Look for the line that contains "this 1300×1783 image."; output that line and every line after it exactly, through the final line of the material below, and nothing else.

*** DATA TO PROCESS ***

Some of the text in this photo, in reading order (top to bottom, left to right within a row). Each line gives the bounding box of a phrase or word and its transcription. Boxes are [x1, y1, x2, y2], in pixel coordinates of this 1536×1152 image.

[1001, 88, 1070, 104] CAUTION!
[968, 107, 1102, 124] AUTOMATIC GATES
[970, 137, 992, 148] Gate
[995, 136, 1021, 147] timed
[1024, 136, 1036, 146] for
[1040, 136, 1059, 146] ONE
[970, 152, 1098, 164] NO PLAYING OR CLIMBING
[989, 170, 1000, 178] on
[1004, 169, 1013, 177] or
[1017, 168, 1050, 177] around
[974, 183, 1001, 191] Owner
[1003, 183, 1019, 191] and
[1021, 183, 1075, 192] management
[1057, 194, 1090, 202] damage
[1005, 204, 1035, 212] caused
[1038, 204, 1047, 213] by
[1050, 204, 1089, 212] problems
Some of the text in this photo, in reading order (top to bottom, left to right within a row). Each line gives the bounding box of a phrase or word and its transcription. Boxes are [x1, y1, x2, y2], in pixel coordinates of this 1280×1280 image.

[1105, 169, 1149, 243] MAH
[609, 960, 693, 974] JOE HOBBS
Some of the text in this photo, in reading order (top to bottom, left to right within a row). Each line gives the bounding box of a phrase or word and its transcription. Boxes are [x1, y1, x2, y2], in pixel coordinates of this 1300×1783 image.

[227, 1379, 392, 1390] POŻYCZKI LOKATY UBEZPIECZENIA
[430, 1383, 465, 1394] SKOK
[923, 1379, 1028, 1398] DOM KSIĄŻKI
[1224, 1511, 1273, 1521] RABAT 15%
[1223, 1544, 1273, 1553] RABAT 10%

*** End of DATA TO PROCESS ***

TASK RESULT:
Some of the text in this photo, in reading order (top to bottom, left to right within a row). Each line gives the bounding box of a phrase or word and its transcription. Boxes are [x1, y1, x2, y2], in pixel coordinates of this 1300×1783 image.

[227, 1379, 392, 1390] POŻYCZKI LOKATY UBEZPIECZENIA
[430, 1383, 465, 1394] SKOK
[923, 1379, 1028, 1398] DOM KSIĄŻKI
[1224, 1511, 1273, 1521] RABAT 15%
[1223, 1544, 1273, 1553] RABAT 10%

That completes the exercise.